**The problem:** All of the entries should be written out again exactly.

**Source material:**
--- START ---

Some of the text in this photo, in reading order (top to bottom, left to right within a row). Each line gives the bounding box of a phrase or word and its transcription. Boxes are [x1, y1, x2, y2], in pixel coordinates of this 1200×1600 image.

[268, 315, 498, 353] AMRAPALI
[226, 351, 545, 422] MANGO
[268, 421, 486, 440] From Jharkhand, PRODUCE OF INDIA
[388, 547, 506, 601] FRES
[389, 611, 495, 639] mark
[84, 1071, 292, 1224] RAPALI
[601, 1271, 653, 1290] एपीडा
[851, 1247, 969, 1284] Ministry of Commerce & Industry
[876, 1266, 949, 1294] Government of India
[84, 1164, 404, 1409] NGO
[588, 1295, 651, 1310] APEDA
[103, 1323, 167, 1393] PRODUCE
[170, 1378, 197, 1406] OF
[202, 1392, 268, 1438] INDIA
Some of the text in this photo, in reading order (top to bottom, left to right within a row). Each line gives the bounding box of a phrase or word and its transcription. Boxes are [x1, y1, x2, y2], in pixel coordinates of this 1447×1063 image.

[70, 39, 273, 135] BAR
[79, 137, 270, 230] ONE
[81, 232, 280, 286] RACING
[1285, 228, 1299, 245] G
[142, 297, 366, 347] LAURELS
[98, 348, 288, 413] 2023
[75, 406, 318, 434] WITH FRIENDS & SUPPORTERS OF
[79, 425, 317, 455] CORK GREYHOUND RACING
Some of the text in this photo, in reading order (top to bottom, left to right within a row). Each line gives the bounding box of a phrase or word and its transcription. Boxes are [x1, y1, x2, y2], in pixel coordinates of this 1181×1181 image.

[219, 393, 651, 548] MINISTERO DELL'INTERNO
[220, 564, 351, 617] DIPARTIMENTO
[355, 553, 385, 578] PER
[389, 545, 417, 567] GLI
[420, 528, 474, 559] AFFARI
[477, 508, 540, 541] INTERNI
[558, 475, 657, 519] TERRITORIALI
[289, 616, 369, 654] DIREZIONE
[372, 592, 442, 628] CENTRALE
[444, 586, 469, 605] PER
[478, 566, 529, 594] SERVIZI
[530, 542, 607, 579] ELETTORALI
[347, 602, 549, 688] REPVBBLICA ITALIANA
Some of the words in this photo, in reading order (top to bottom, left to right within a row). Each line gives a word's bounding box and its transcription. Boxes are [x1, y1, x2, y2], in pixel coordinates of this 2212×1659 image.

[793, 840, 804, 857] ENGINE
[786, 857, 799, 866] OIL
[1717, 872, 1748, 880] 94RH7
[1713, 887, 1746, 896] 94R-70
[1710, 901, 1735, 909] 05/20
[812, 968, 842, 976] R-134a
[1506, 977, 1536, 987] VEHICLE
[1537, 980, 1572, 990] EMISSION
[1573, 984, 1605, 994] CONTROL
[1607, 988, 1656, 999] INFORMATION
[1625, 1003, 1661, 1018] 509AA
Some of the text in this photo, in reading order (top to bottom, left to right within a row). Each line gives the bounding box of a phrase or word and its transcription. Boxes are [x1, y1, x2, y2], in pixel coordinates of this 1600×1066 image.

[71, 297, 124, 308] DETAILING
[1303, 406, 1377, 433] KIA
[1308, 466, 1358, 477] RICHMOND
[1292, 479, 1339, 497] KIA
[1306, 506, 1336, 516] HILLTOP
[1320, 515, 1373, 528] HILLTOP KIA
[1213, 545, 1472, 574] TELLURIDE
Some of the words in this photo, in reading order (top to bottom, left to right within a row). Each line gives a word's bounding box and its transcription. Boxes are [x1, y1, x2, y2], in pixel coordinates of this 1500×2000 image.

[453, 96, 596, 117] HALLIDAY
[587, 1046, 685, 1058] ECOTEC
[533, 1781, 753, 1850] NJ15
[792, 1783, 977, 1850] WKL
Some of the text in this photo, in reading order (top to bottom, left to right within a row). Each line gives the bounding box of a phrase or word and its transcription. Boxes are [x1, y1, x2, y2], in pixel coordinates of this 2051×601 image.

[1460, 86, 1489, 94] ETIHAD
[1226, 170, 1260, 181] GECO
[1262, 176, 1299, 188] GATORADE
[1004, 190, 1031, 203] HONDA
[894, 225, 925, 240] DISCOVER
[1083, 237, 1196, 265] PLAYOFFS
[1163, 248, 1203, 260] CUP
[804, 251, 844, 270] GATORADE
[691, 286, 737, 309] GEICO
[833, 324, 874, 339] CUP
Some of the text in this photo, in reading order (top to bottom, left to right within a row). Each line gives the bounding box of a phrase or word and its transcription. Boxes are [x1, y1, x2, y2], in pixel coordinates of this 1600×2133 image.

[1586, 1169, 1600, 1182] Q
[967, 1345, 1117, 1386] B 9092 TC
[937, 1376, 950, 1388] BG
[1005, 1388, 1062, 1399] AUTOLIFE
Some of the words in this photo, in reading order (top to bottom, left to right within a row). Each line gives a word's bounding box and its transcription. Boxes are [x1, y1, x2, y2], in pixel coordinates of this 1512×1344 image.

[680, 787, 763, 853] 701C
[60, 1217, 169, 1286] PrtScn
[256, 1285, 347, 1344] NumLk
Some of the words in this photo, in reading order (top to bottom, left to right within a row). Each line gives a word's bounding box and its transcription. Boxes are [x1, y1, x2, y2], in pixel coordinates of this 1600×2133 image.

--- END ---

**Result for this task:**
Some of the text in this photo, in reading order (top to bottom, left to right within a row). Each line gives the bounding box of a phrase or word and its transcription. Boxes are [x1, y1, x2, y2], in pixel coordinates of this 1200×1600 image.

[268, 315, 498, 353] AMRAPALI
[226, 351, 545, 422] MANGO
[268, 421, 486, 440] From Jharkhand, PRODUCE OF INDIA
[388, 547, 506, 601] FRES
[389, 611, 495, 639] mark
[84, 1071, 292, 1224] RAPALI
[601, 1271, 653, 1290] एपीडा
[851, 1247, 969, 1284] Ministry of Commerce & Industry
[876, 1266, 949, 1294] Government of India
[84, 1164, 404, 1409] NGO
[588, 1295, 651, 1310] APEDA
[103, 1323, 167, 1393] PRODUCE
[170, 1378, 197, 1406] OF
[202, 1392, 268, 1438] INDIA
Some of the text in this photo, in reading order (top to bottom, left to right within a row). Each line gives the bounding box of a phrase or word and its transcription. Boxes are [x1, y1, x2, y2], in pixel coordinates of this 1447×1063 image.

[70, 39, 273, 135] BAR
[79, 137, 270, 230] ONE
[81, 232, 280, 286] RACING
[1285, 228, 1299, 245] G
[142, 297, 366, 347] LAURELS
[98, 348, 288, 413] 2023
[75, 406, 318, 434] WITH FRIENDS & SUPPORTERS OF
[79, 425, 317, 455] CORK GREYHOUND RACING
Some of the text in this photo, in reading order (top to bottom, left to right within a row). Each line gives the bounding box of a phrase or word and its transcription. Boxes are [x1, y1, x2, y2], in pixel coordinates of this 1181×1181 image.

[219, 393, 651, 548] MINISTERO DELL'INTERNO
[220, 564, 351, 617] DIPARTIMENTO
[355, 553, 385, 578] PER
[389, 545, 417, 567] GLI
[420, 528, 474, 559] AFFARI
[477, 508, 540, 541] INTERNI
[558, 475, 657, 519] TERRITORIALI
[289, 616, 369, 654] DIREZIONE
[372, 592, 442, 628] CENTRALE
[444, 586, 469, 605] PER
[478, 566, 529, 594] SERVIZI
[530, 542, 607, 579] ELETTORALI
[347, 602, 549, 688] REPVBBLICA ITALIANA
Some of the words in this photo, in reading order (top to bottom, left to right within a row). Each line gives a word's bounding box and its transcription. Boxes are [x1, y1, x2, y2], in pixel coordinates of this 2212×1659 image.

[793, 840, 804, 857] ENGINE
[786, 857, 799, 866] OIL
[1717, 872, 1748, 880] 94RH7
[1713, 887, 1746, 896] 94R-70
[1710, 901, 1735, 909] 05/20
[812, 968, 842, 976] R-134a
[1506, 977, 1536, 987] VEHICLE
[1537, 980, 1572, 990] EMISSION
[1573, 984, 1605, 994] CONTROL
[1607, 988, 1656, 999] INFORMATION
[1625, 1003, 1661, 1018] 509AA
Some of the text in this photo, in reading order (top to bottom, left to right within a row). Each line gives the bounding box of a phrase or word and its transcription. Boxes are [x1, y1, x2, y2], in pixel coordinates of this 1600×1066 image.

[71, 297, 124, 308] DETAILING
[1303, 406, 1377, 433] KIA
[1308, 466, 1358, 477] RICHMOND
[1292, 479, 1339, 497] KIA
[1306, 506, 1336, 516] HILLTOP
[1320, 515, 1373, 528] HILLTOP KIA
[1213, 545, 1472, 574] TELLURIDE
Some of the words in this photo, in reading order (top to bottom, left to right within a row). Each line gives a word's bounding box and its transcription. Boxes are [x1, y1, x2, y2], in pixel coordinates of this 1500×2000 image.

[453, 96, 596, 117] HALLIDAY
[587, 1046, 685, 1058] ECOTEC
[533, 1781, 753, 1850] NJ15
[792, 1783, 977, 1850] WKL
Some of the text in this photo, in reading order (top to bottom, left to right within a row). Each line gives the bounding box of a phrase or word and its transcription. Boxes are [x1, y1, x2, y2], in pixel coordinates of this 2051×601 image.

[1460, 86, 1489, 94] ETIHAD
[1226, 170, 1260, 181] GECO
[1262, 176, 1299, 188] GATORADE
[1004, 190, 1031, 203] HONDA
[894, 225, 925, 240] DISCOVER
[1083, 237, 1196, 265] PLAYOFFS
[1163, 248, 1203, 260] CUP
[804, 251, 844, 270] GATORADE
[691, 286, 737, 309] GEICO
[833, 324, 874, 339] CUP
Some of the text in this photo, in reading order (top to bottom, left to right within a row). Each line gives the bounding box of a phrase or word and its transcription. Boxes are [x1, y1, x2, y2], in pixel coordinates of this 1600×2133 image.

[1586, 1169, 1600, 1182] Q
[967, 1345, 1117, 1386] B 9092 TC
[937, 1376, 950, 1388] BG
[1005, 1388, 1062, 1399] AUTOLIFE
Some of the words in this photo, in reading order (top to bottom, left to right within a row). Each line gives a word's bounding box and its transcription. Boxes are [x1, y1, x2, y2], in pixel coordinates of this 1512×1344 image.

[680, 787, 763, 853] 701C
[60, 1217, 169, 1286] PrtScn
[256, 1285, 347, 1344] NumLk
Some of the words in this photo, in reading order (top to bottom, left to right within a row). Each line gives a word's bounding box and its transcription. Boxes are [x1, y1, x2, y2], in pixel coordinates of this 1600×2133 image.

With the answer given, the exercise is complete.